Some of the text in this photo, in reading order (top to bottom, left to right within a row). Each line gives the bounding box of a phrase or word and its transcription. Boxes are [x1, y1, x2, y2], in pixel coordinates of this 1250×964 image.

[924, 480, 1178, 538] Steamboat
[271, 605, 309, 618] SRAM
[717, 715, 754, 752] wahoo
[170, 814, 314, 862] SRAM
########################################
● Task:
Reproduce the listing shown above in its entirety, exactly.

● Result:
Some of the text in this photo, in reading order (top to bottom, left to right within a row). Each line gives the bounding box of a phrase or word and its transcription. Boxes are [x1, y1, x2, y2], in pixel coordinates of this 1250×964 image.

[924, 480, 1178, 538] Steamboat
[271, 605, 309, 618] SRAM
[717, 715, 754, 752] wahoo
[170, 814, 314, 862] SRAM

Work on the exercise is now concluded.